[Dataset entries]
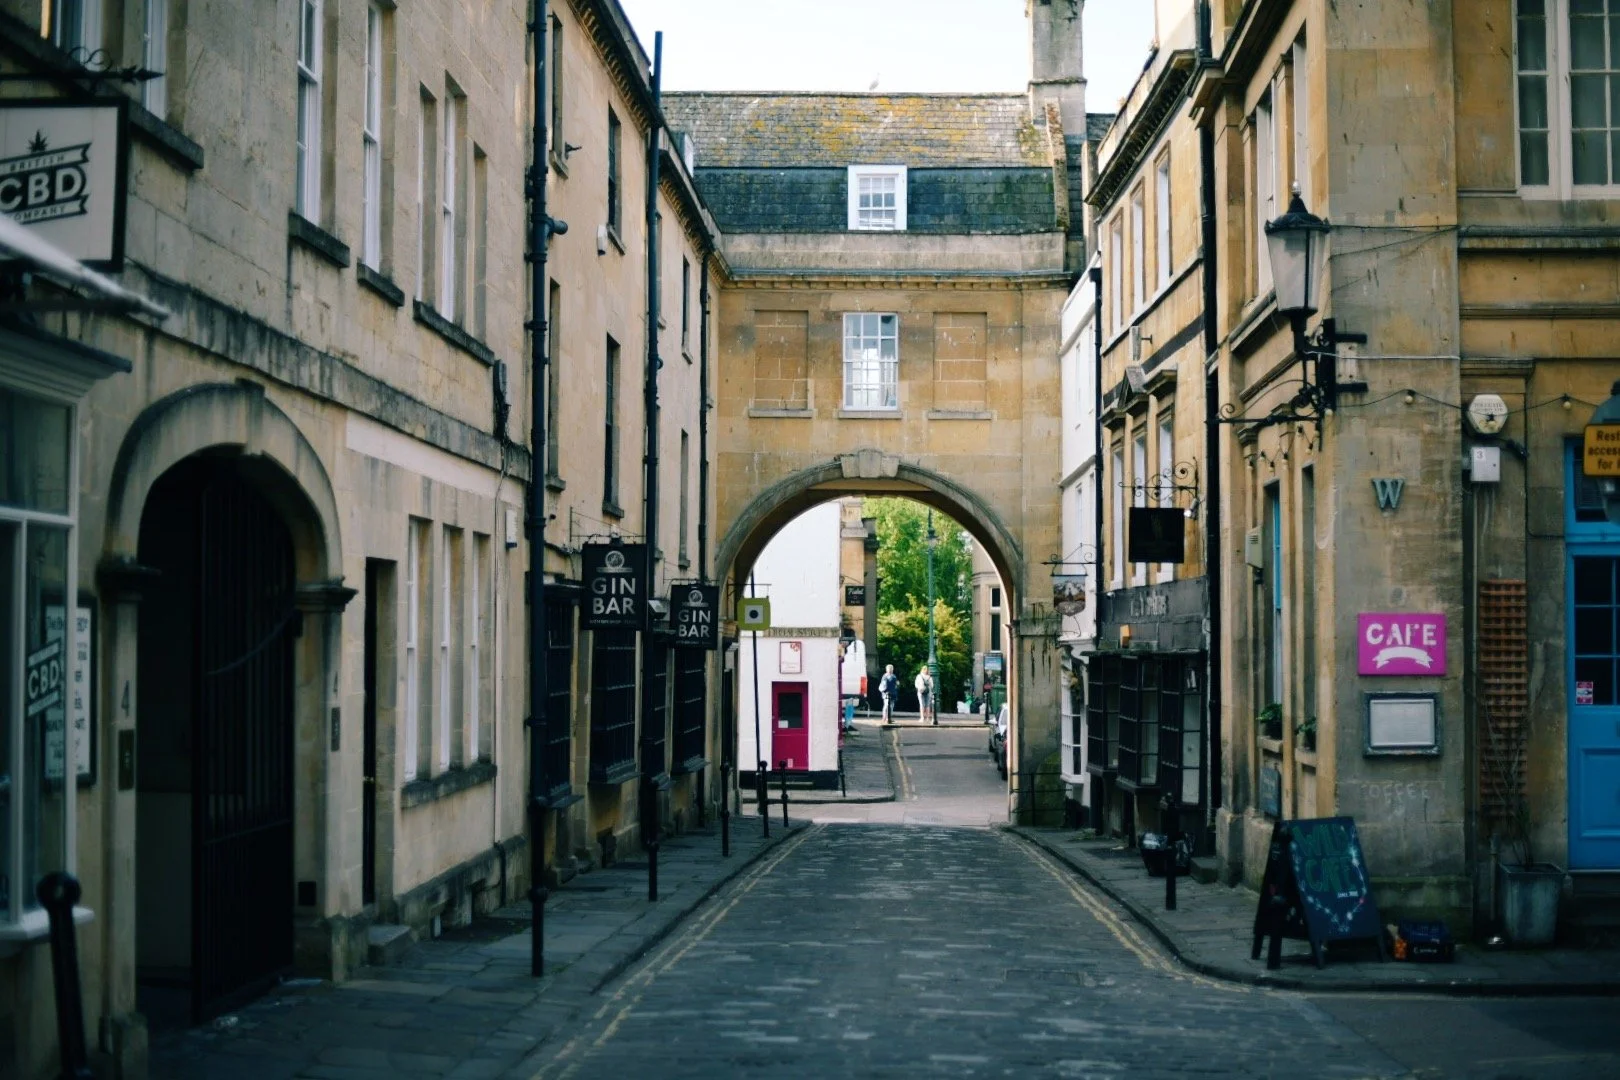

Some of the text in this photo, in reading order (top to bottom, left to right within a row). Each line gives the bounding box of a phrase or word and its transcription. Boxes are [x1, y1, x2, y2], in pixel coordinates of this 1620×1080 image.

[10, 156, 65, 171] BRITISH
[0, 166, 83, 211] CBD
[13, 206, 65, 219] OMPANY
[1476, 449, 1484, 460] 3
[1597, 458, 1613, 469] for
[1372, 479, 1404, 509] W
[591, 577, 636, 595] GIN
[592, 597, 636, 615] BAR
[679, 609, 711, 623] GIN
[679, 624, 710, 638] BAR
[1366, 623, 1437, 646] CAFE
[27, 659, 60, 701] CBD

#### Exercise prompt:
Restate the data word for word while omitting each picture.

#### Answer to the problem:
Some of the text in this photo, in reading order (top to bottom, left to right within a row). Each line gives the bounding box of a phrase or word and its transcription. Boxes are [x1, y1, x2, y2], in pixel coordinates of this 1620×1080 image.

[10, 156, 65, 171] BRITISH
[0, 166, 83, 211] CBD
[13, 206, 65, 219] OMPANY
[1476, 449, 1484, 460] 3
[1597, 458, 1613, 469] for
[1372, 479, 1404, 509] W
[591, 577, 636, 595] GIN
[592, 597, 636, 615] BAR
[679, 609, 711, 623] GIN
[679, 624, 710, 638] BAR
[1366, 623, 1437, 646] CAFE
[27, 659, 60, 701] CBD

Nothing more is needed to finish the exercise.